Do this mean that I made some mistake when installing cuda or neurodriver?

yiyin commented 3 years ago

What's your CUDA version? Try

nvcc --version

iKaHibi commented 3 years ago

My CUDA version is V9.0.176 and I am using OpenMPI-4.1.0.

yiyin commented 3 years ago

That version of CUDA does not support sm_75. I wonder where that came from. What GPU card do you have?

iKaHibi commented 3 years ago

I got a nvidia rtx 2060.

yiyin commented 3 years ago

Yeah, your CUDA version is too low for this card. Try update to the latest NVIDIA driver and CUDA.

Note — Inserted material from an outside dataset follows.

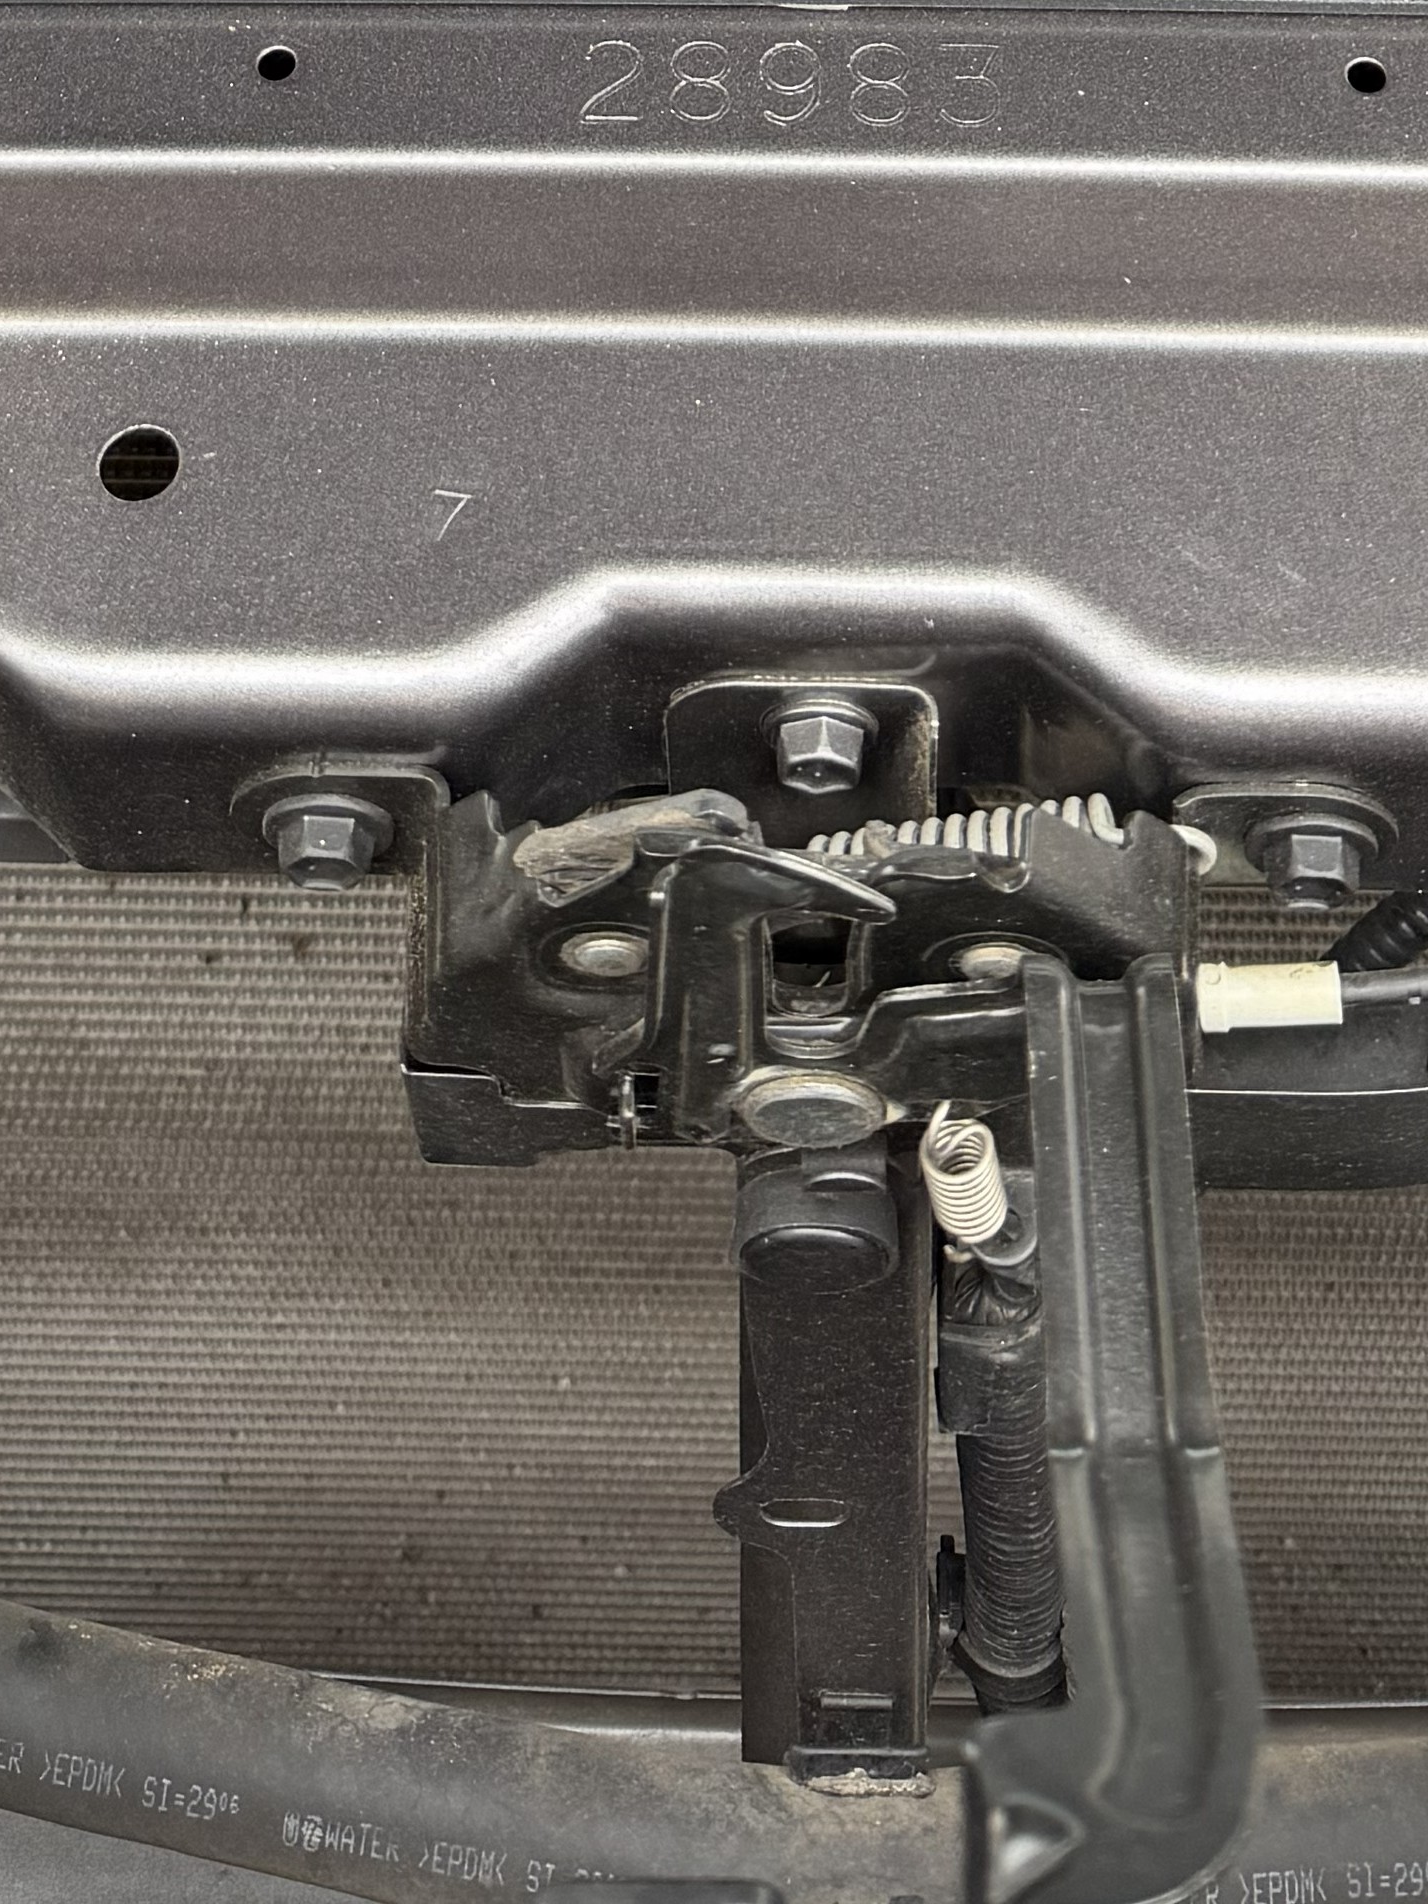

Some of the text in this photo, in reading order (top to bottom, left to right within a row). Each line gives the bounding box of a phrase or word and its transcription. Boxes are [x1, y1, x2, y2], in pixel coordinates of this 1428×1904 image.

[578, 39, 1001, 126] 28983
[434, 488, 474, 542] 7
[323, 1820, 400, 1863] WATER

iKaHibi commented 3 years ago

Thank you for your response! After updating my CUDA to 11.3 and reinstalled pyCUDA and scikit-CUDA, I met new error:

Manager spawned
/home/anaconda3/envs/nk/lib/python3.7/site-packages/skcuda/cublas.py:284: UserWarning: creating CUBLAS context to get version number
  warnings.warn('creating CUBLAS context to get version number')
retina0: Number of PhotoreceptorModel: 4326
retina0: Number of BufferPhoton: 4326
retina0: Number of Port: 8652
retina0: Number of Input: {'photon': 4326}
retina0: 100%|██████████| 1/1 [00:00<00:00, 15.17it/s]
Elapsed time for retina simulation: 7.22s
An error occured during execution of LPU retina0 at step 0:
Traceback (most recent call last):
  File "/home/anaconda3/envs/nk/lib/python3.7/site-packages/neurokernel/tools/misc.py", line 144, in catch_exception
    func(*args, **kwargs)
  File "/home/Code/flybrain/new_src/neurodriver-master/neurokernel/LPU/LPU.py", line 1299, in pre_run
    p._pre_run()
  File "/home/Code/flybrain/new_src/neurodriver-master/neurokernel/LPU/InputProcessors/BaseInputProcessor.py", line 247, in _pre_run
    self.pre_run()
  File "/home/Code/flybrain/src_code/retina-master/retina/InputProcessors/RetinaInputProcessor.py", line 29, in pre_run
    self.generate_receptive_fields()
  File "/home/Code/flybrain/src_code/retina-master/retina/InputProcessors/RetinaInputProcessor.py", line 101, in generate_receptive_fields
    rfs.generate_filters()
  File "/home/Code/flybrain/src_code/retina-master/retina/vrf/vrf.py", line 90, in generate_filters
    (N_filters, self.size), self.dtype)
  File "/home/Code/flybrain/src_code/retina-master/retina/vrf/utils/parray.py", line 270, in __init__
    self.shape[0], np.dtype(dtype).itemsize)
pycuda._driver.MemoryError: cuMemAllocPitch failed: out of memory

Does this mean the video memory of my GPU is not enough to run the code?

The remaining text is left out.